高論卓説

ジョブズも注目した「禅」 日本文化の根幹、教えは未来への戦略に

 国際的な禅の巨人「鈴木大拙」の「禅と日本文化」に、こんな一節がある。「禅宗が日本人の性格を築き上げる上にきわめて重要な役割を勤めた」。そして、「禅は国民の文化生活のあらゆる層のなかへ深くおよんでいる」と。大拙が唱える禅の教えは、海外向けに書いたものでとにかく興味深い。(吉田就彦)

 禅は体験的であり、科学は非体験的であるとしながらも、日本の文明開化を開いた西洋人から常に熱いまなざしを得て、特にスティーブ・ジョブズ(米アップル共同創業者)に代表される経営トップからもてはやされてきたのが日本文化の根幹をなす禅である。私はこれまでも日本の未来は日本文化をベースに世界から尊敬され、存在感を示し、貢献していくことが重要との論を張ってきた。

 その日本文化の根っこのようなものが禅だと大拙は言う。改めて、大拙いわくの「禅はわれわれのうちに眠っている般若(智慧)をめざまそうとする」との観点から、これから日本がとるべき戦略をなぞってみたい。
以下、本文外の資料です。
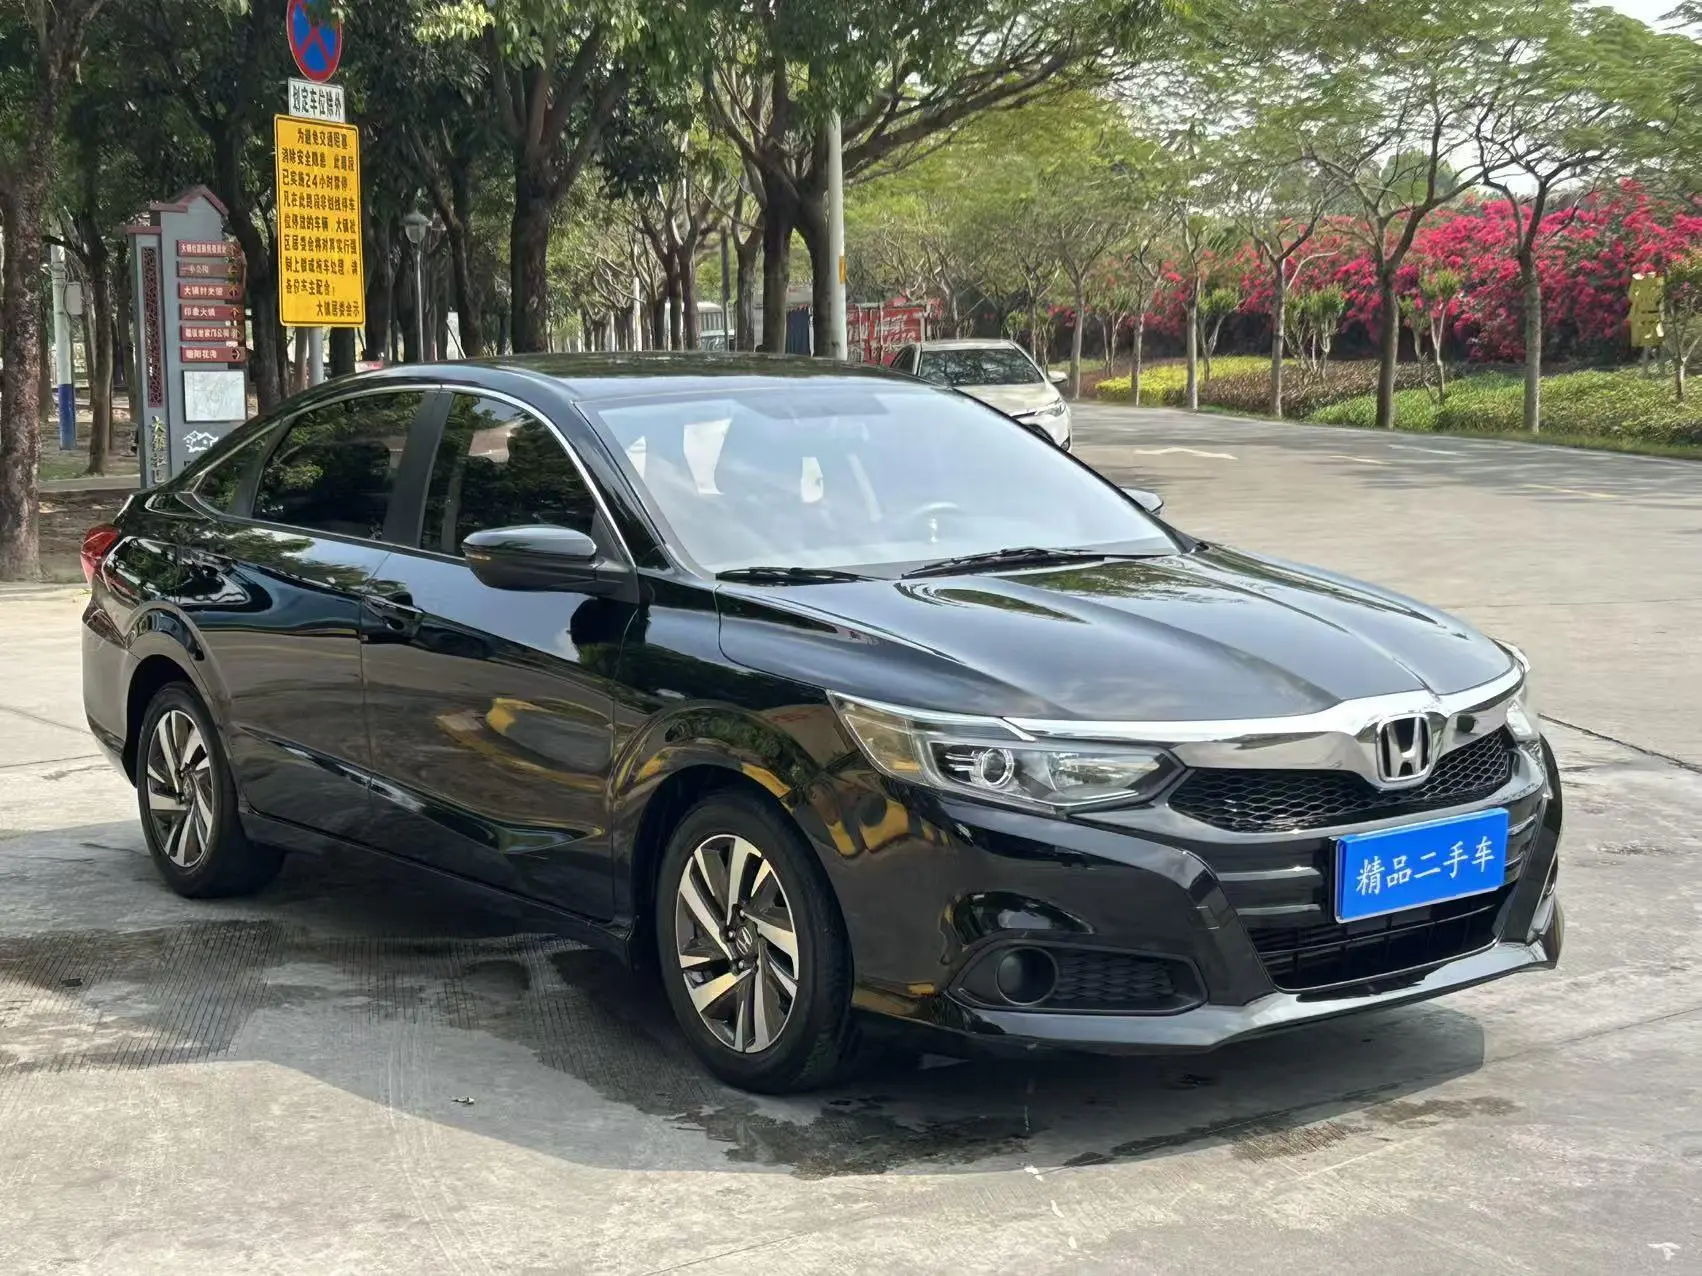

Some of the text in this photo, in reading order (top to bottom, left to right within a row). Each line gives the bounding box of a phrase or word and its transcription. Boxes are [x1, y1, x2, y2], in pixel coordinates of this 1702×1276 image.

 第1に日本文化の本質である「引き算の美学」だ。東洋的な絵画美に中国の一角様式に端を発する減筆体という絵の手法がある。その特徴はまさに引き算。無駄なものを廃し、想像を書きたてる描き方にこそ現れる、深く、深遠な美の世界だ。シンプルなところにさまざまなものが含まれ、想像させ、それが魅力につながる。

 デジタル機器が主流になってから、一台何役のような便利な機械だらけの昨今。あえて無駄なものは全てそぎ落として、飽きない、使えば使うほど愛着が出るようなプロダクトをまた日本発で見てみたい。

 プロダクトだけでなく、マニュアルにとらわれずその使い方の工夫ができるという意味でも、便利さだけを追求するのではなくシンプルなプロダクトを工夫して豊かにする日本の知恵を社会のあらゆる局面で意識すべきだ。当然、教育はその最前線だ。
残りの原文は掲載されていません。